> Task input
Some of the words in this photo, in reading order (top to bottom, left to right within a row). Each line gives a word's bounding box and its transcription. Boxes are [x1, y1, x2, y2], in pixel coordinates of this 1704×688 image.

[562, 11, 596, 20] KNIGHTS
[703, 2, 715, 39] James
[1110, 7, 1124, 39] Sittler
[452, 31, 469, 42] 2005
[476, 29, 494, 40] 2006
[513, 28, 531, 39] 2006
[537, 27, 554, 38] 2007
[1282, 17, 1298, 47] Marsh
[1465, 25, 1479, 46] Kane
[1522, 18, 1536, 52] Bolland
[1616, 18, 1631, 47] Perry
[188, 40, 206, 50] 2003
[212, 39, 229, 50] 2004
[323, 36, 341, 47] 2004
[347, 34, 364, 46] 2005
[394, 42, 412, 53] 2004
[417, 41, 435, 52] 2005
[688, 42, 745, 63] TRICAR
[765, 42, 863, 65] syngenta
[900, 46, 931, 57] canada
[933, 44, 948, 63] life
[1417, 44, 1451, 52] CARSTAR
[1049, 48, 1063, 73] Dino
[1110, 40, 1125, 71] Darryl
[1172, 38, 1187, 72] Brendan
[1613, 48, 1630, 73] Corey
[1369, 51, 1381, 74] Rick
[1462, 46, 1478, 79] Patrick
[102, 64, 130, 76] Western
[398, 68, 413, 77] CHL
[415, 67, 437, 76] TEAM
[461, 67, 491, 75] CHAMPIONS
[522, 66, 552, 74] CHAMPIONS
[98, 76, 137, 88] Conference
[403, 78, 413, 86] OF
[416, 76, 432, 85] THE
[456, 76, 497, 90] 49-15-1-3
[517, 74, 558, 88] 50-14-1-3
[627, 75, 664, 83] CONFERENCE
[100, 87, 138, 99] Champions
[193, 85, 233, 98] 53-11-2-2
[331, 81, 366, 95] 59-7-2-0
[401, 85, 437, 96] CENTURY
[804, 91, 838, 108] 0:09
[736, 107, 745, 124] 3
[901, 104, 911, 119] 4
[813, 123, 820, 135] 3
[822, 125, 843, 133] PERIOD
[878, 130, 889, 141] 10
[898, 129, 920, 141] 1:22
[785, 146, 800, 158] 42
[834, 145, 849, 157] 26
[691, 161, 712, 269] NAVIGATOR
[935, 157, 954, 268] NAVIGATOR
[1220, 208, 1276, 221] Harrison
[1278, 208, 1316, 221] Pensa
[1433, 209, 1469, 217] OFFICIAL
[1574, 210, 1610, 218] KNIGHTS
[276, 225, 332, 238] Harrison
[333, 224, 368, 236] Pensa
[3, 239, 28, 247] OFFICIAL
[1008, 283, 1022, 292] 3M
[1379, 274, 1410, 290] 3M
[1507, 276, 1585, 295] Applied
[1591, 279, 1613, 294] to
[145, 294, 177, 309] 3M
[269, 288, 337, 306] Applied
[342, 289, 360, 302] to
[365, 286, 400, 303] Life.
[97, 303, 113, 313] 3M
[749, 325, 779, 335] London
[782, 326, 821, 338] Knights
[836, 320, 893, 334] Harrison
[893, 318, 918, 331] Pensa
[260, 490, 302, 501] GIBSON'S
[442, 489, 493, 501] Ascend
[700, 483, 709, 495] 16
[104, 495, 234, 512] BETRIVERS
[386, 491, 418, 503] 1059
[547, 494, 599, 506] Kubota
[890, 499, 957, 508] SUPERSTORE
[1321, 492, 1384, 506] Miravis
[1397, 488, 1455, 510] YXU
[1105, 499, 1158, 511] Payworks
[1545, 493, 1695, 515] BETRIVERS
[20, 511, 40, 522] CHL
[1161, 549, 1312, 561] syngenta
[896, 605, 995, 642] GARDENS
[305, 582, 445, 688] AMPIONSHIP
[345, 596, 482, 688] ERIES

> Aim of the task
From the entries above, copy every line containing the word "NAVIGATOR".

> Solution
[691, 161, 712, 269] NAVIGATOR
[935, 157, 954, 268] NAVIGATOR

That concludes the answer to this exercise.